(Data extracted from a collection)

* * *

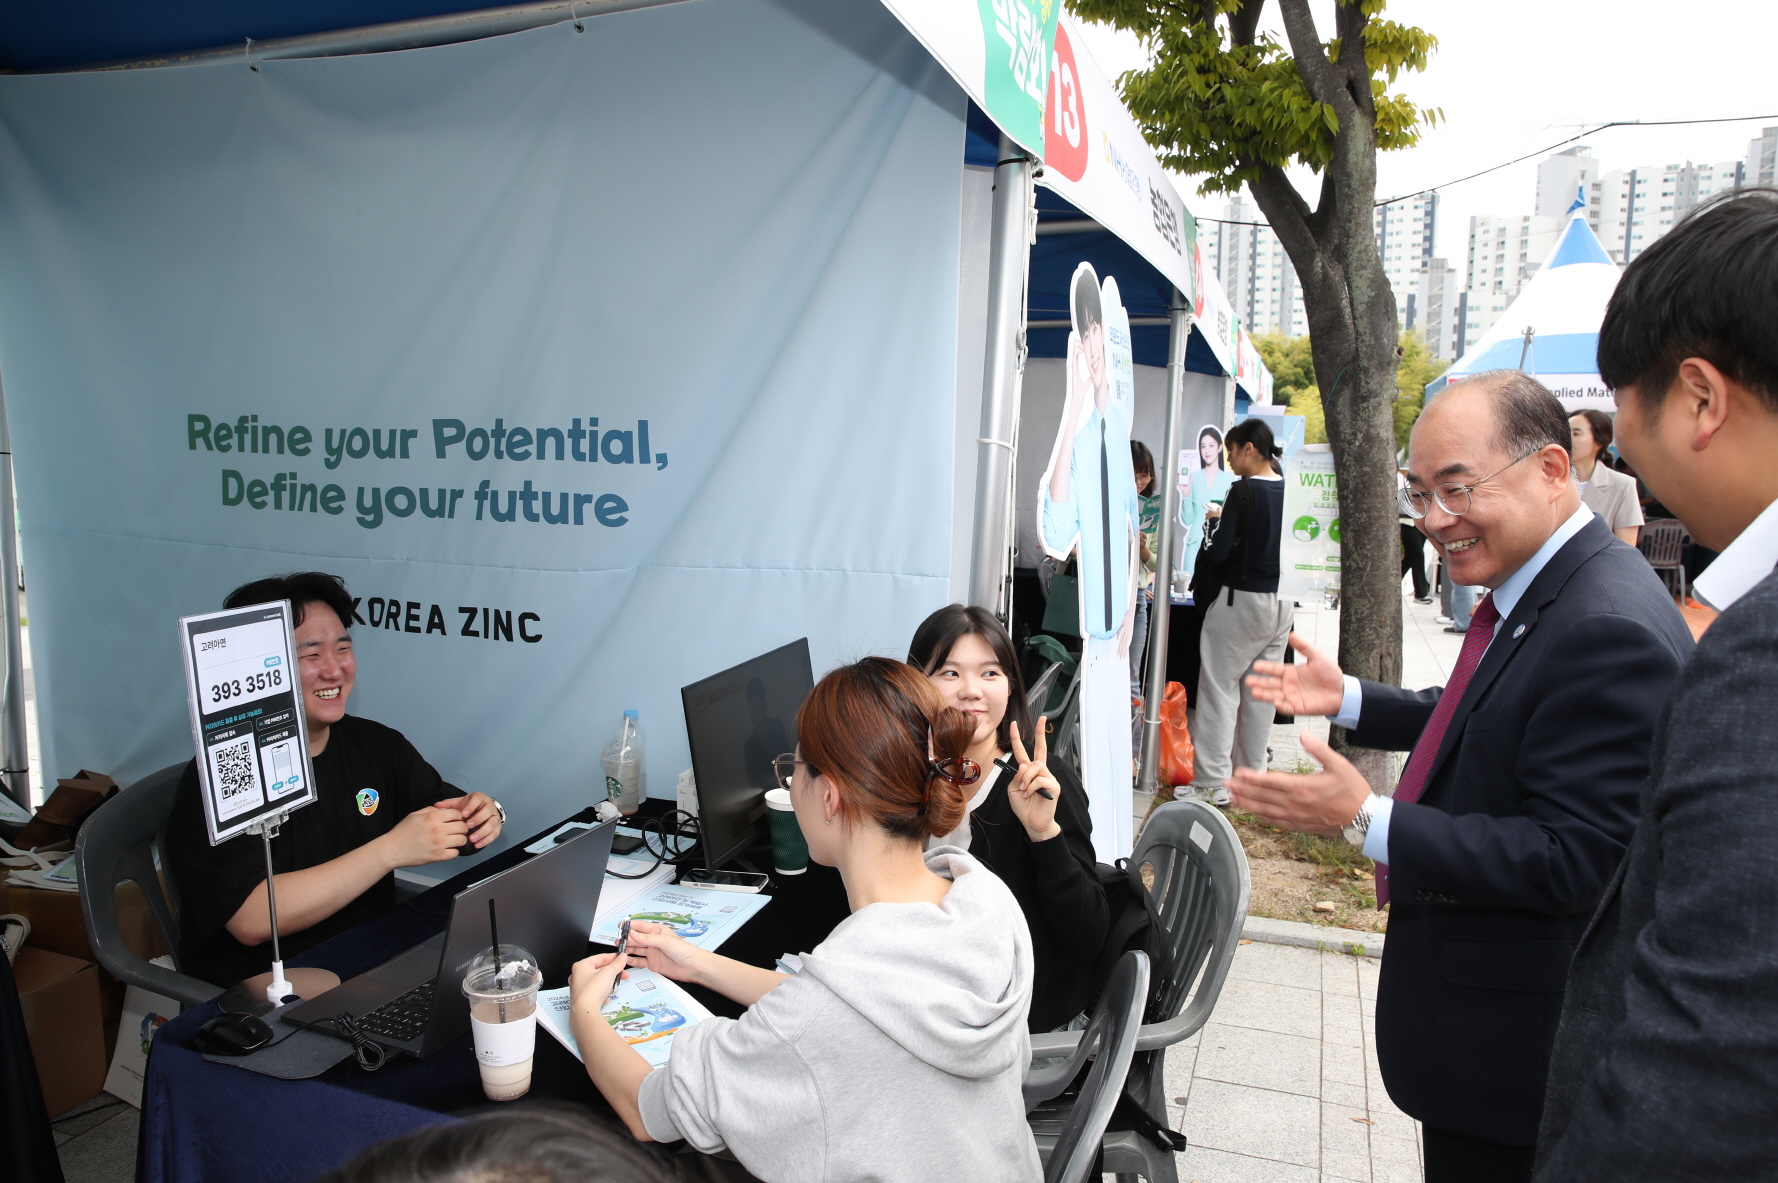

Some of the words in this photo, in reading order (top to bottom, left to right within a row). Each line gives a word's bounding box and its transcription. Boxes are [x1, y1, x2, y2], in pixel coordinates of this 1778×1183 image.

[1052, 49, 1080, 149] 13
[187, 413, 313, 457] Refine
[324, 425, 418, 470] your
[432, 417, 669, 471] Potential,
[221, 469, 346, 514] Define
[356, 486, 464, 529] your
[475, 479, 630, 528] future
[201, 637, 227, 651] 고려아연
[351, 597, 447, 636] KOREA
[458, 606, 543, 643] ZINC
[211, 679, 242, 703] 393
[245, 669, 282, 693] 3518

* * *

▶ [Required work]
The response should consist of the entries above, given again exactly and free of pictures.

▶ [Response area]
Some of the words in this photo, in reading order (top to bottom, left to right within a row). Each line gives a word's bounding box and its transcription. Boxes are [x1, y1, x2, y2], in pixel coordinates of this 1778×1183 image.

[1052, 49, 1080, 149] 13
[187, 413, 313, 457] Refine
[324, 425, 418, 470] your
[432, 417, 669, 471] Potential,
[221, 469, 346, 514] Define
[356, 486, 464, 529] your
[475, 479, 630, 528] future
[201, 637, 227, 651] 고려아연
[351, 597, 447, 636] KOREA
[458, 606, 543, 643] ZINC
[211, 679, 242, 703] 393
[245, 669, 282, 693] 3518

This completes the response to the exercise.